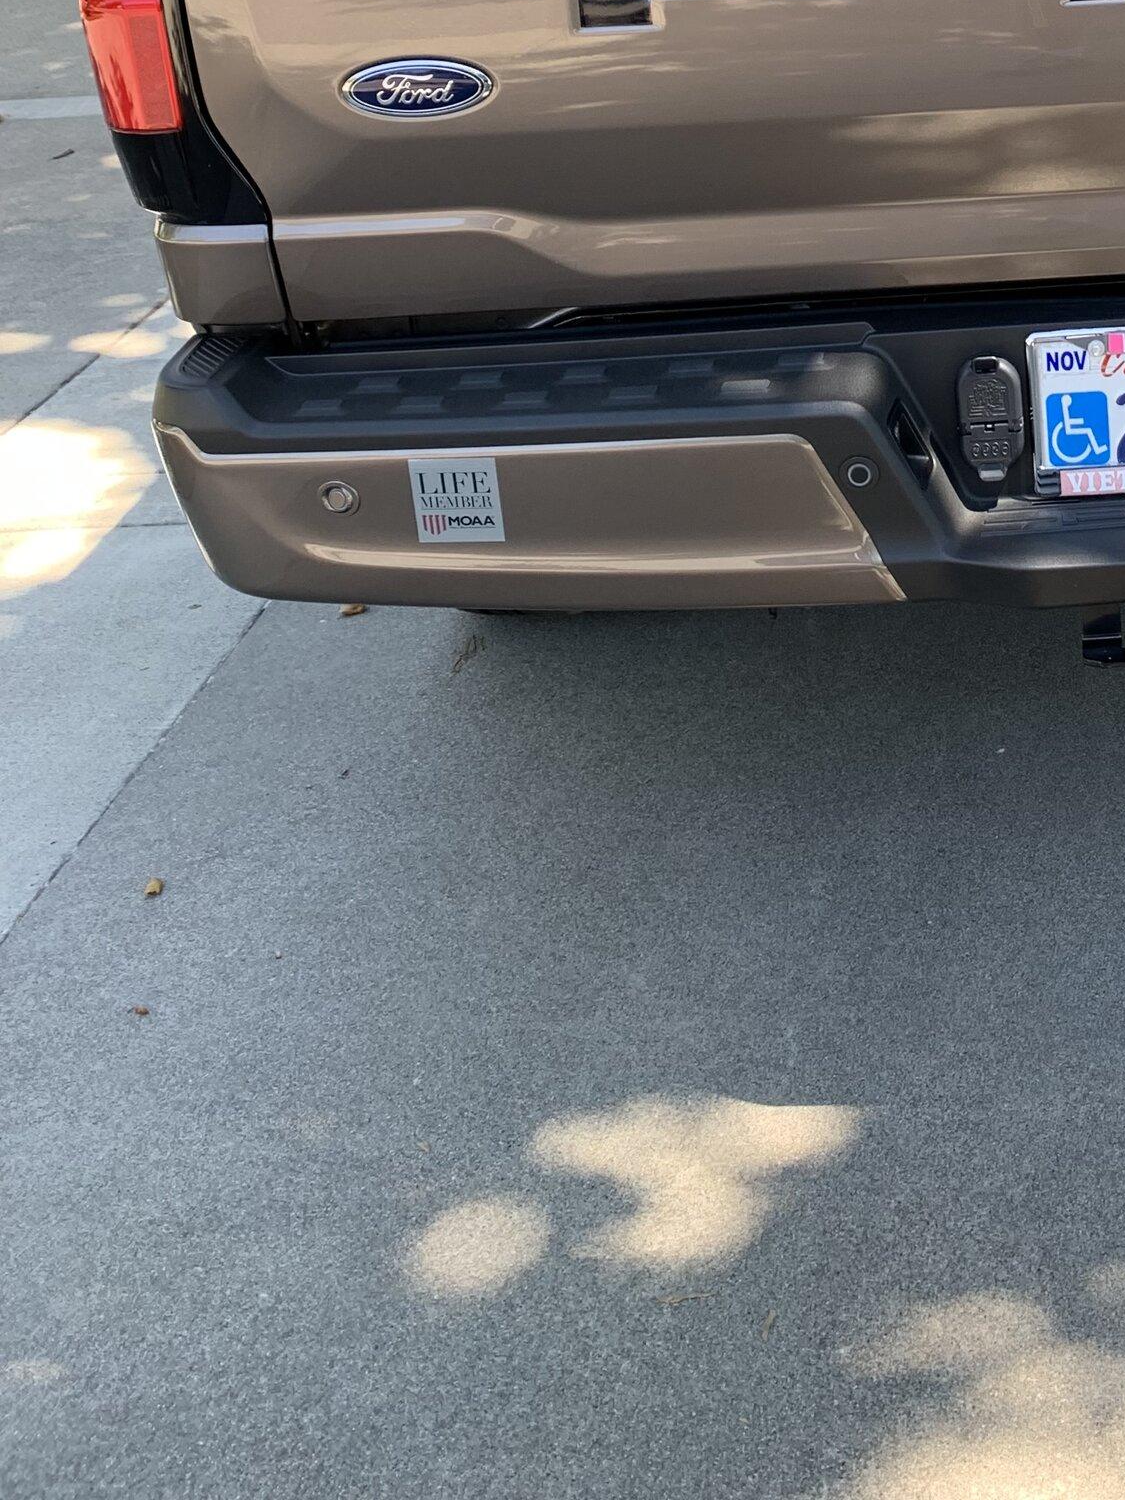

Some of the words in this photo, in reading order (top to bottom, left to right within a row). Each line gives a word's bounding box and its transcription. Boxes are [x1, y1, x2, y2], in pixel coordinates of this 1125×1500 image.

[376, 74, 454, 105] Ford
[1046, 351, 1087, 372] NOV
[416, 472, 491, 494] LIFE
[421, 496, 493, 508] MEMBER
[448, 516, 495, 526] MOAA

- **Instructions for the task**
Pictures aside, retype all of the entries word for word.

- **Output**
Some of the words in this photo, in reading order (top to bottom, left to right within a row). Each line gives a word's bounding box and its transcription. Boxes are [x1, y1, x2, y2], in pixel coordinates of this 1125×1500 image.

[376, 74, 454, 105] Ford
[1046, 351, 1087, 372] NOV
[416, 472, 491, 494] LIFE
[421, 496, 493, 508] MEMBER
[448, 516, 495, 526] MOAA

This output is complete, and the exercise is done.